Repeat every entry word for word; omit all pictures.

[Items from a dataset]
***

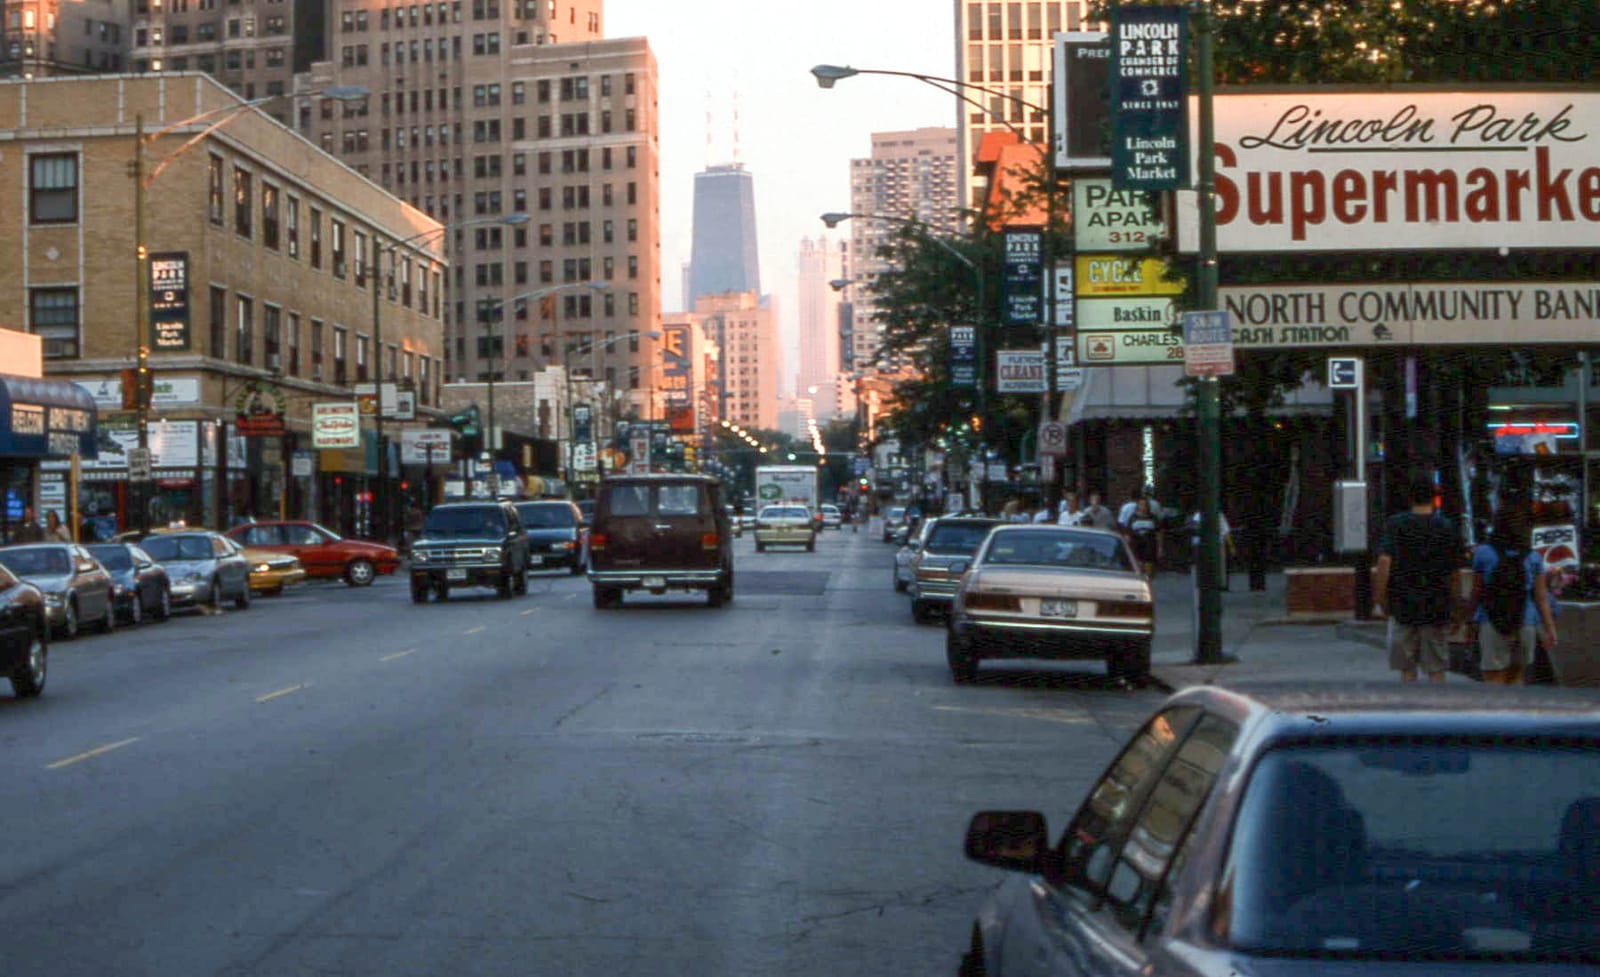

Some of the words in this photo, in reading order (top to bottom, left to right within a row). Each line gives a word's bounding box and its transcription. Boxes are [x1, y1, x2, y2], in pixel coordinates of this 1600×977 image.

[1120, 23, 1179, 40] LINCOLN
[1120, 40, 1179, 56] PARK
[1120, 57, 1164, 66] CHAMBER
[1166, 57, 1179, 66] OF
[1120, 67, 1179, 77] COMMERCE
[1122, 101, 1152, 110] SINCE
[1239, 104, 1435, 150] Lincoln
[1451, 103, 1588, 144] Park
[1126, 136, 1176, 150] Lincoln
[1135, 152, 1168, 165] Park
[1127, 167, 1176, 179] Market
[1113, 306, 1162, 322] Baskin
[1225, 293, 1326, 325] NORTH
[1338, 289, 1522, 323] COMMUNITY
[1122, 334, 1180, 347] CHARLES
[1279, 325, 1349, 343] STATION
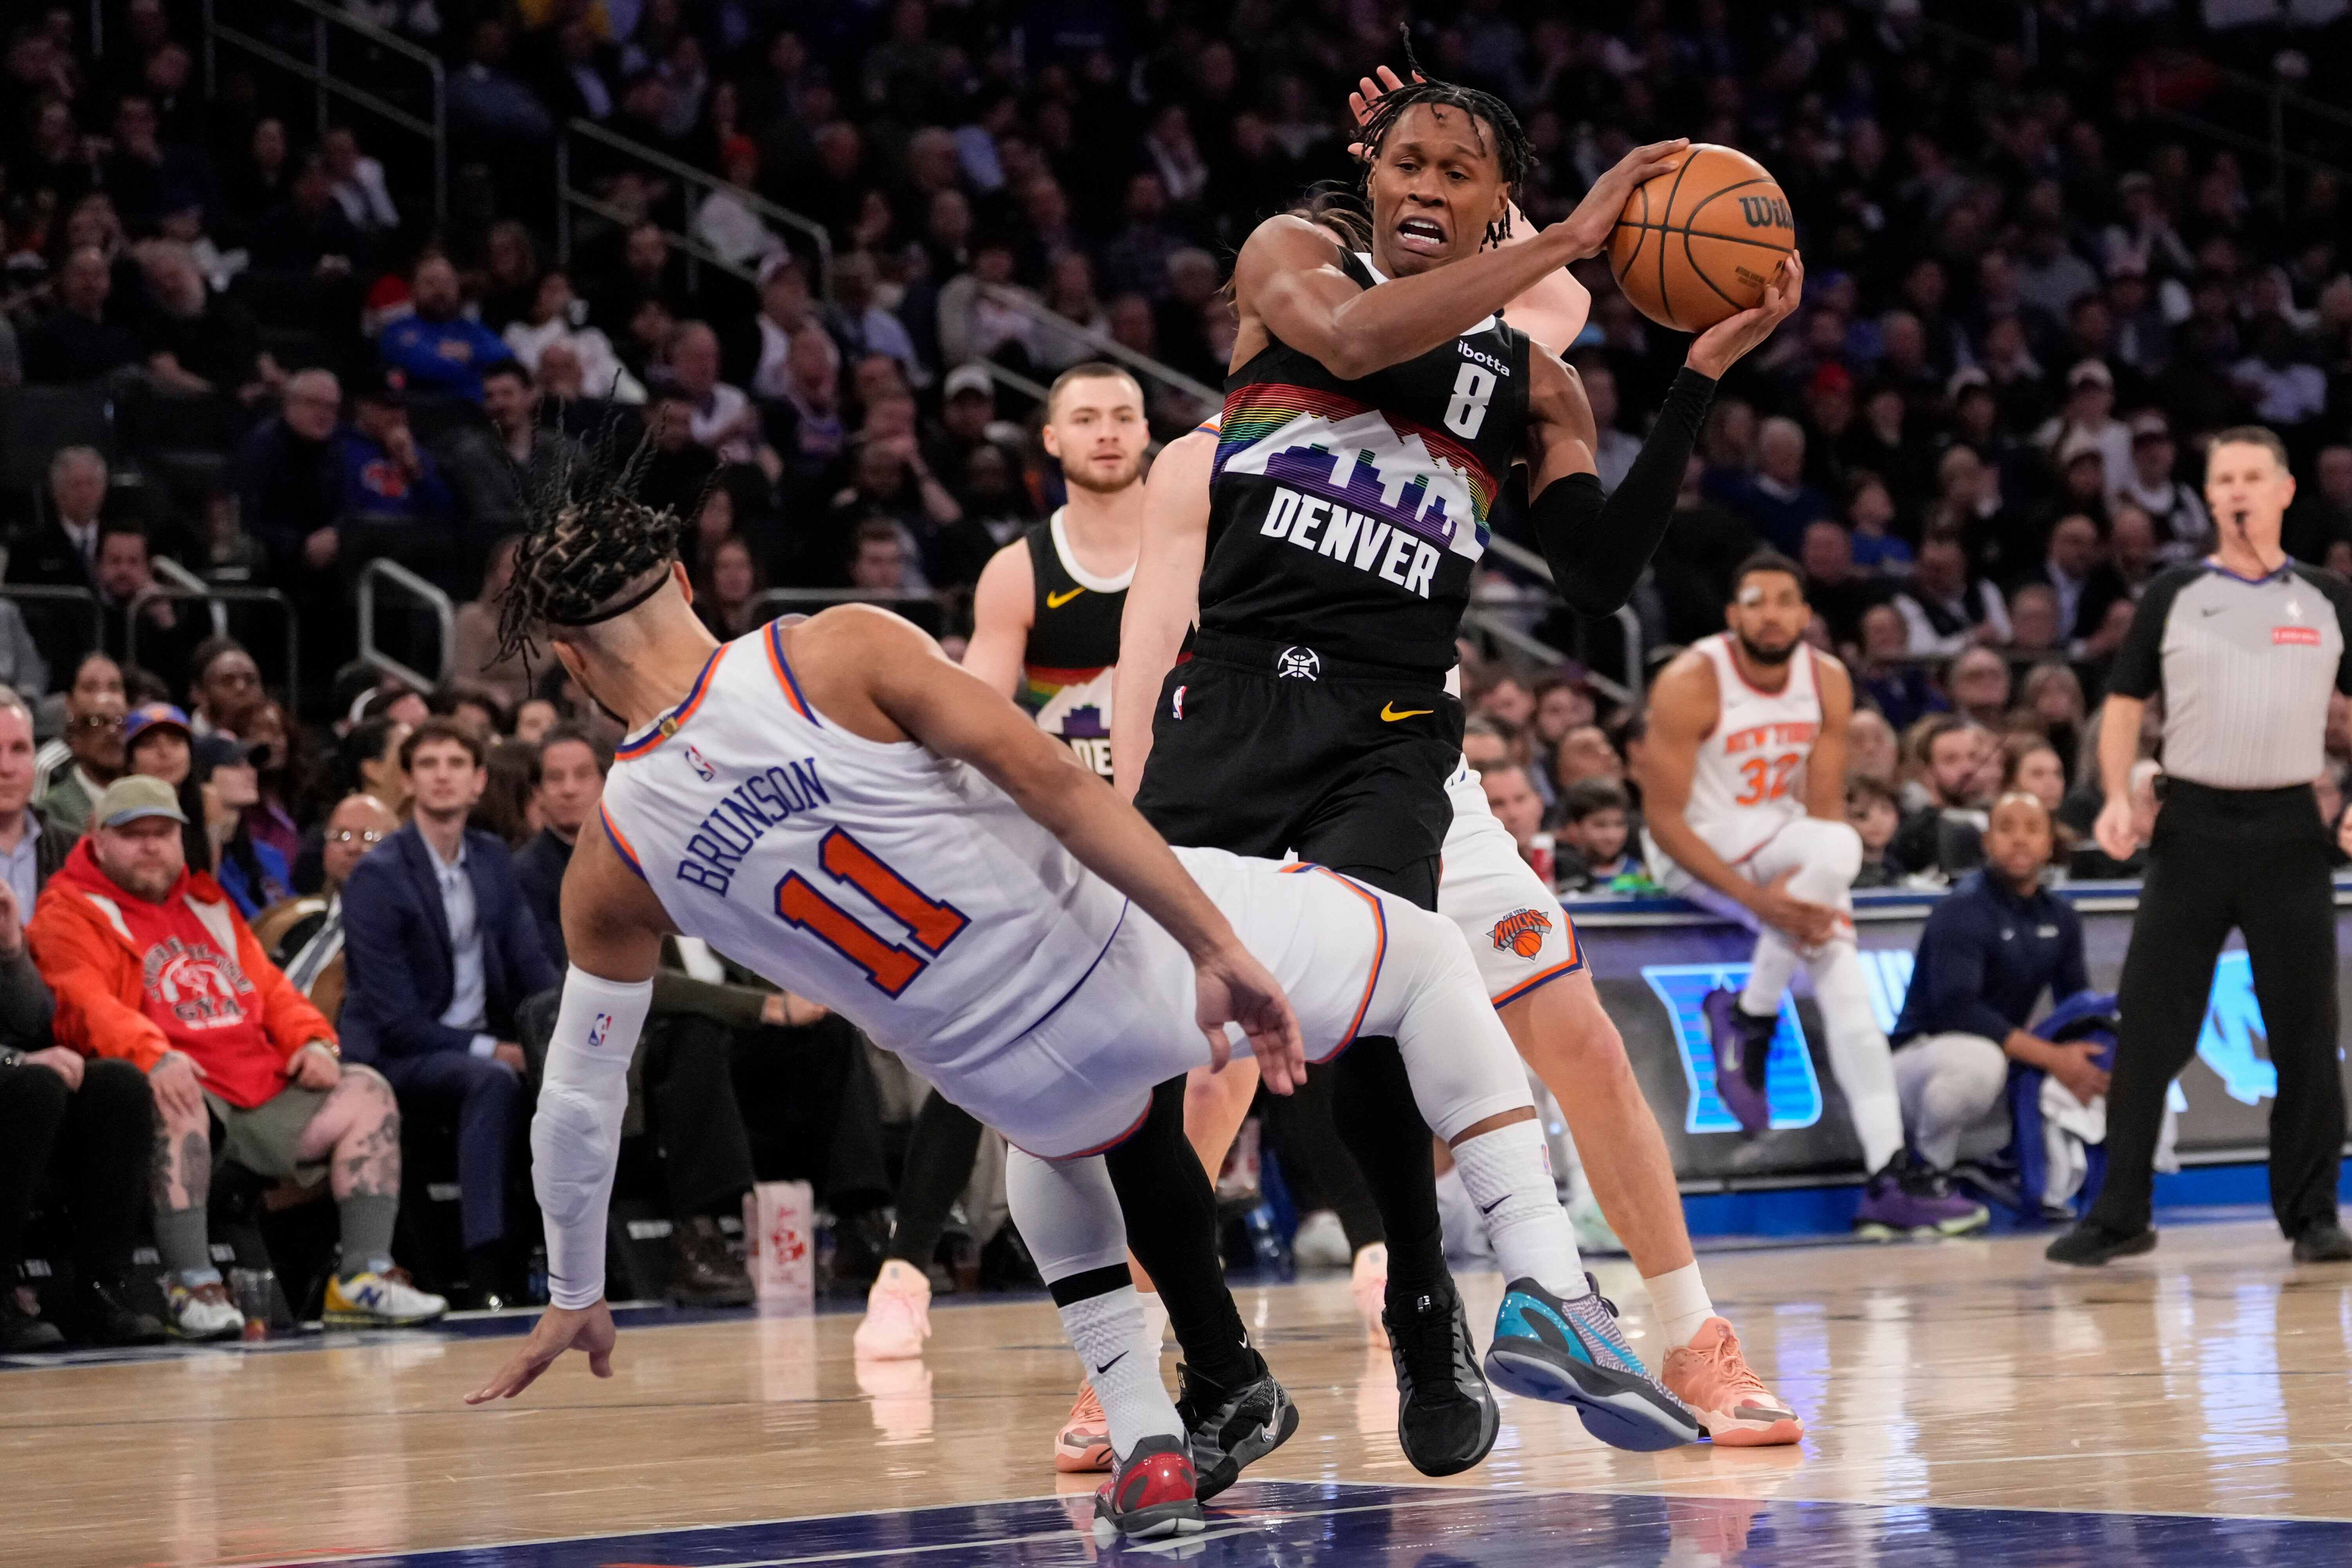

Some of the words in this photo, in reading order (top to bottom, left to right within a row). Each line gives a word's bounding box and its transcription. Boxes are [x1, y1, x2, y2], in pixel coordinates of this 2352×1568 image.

***

Task answer =>
Some of the words in this photo, in reading order (top to bottom, left to right within a row). Each line gives a word's bounding box and its transcription. Boxes are [x1, y1, x2, y2], in pixel coordinates of this 1600×977 image.

[1120, 23, 1179, 40] LINCOLN
[1120, 40, 1179, 56] PARK
[1120, 57, 1164, 66] CHAMBER
[1166, 57, 1179, 66] OF
[1120, 67, 1179, 77] COMMERCE
[1122, 101, 1152, 110] SINCE
[1239, 104, 1435, 150] Lincoln
[1451, 103, 1588, 144] Park
[1126, 136, 1176, 150] Lincoln
[1135, 152, 1168, 165] Park
[1127, 167, 1176, 179] Market
[1113, 306, 1162, 322] Baskin
[1225, 293, 1326, 325] NORTH
[1338, 289, 1522, 323] COMMUNITY
[1122, 334, 1180, 347] CHARLES
[1279, 325, 1349, 343] STATION

Some of the words in this photo, in reading order (top to bottom, left to right within a row). Each line gives a word's bounding box and its transcription. Boxes are [x1, y1, x2, y2], in pixel coordinates of this 2352×1568 image.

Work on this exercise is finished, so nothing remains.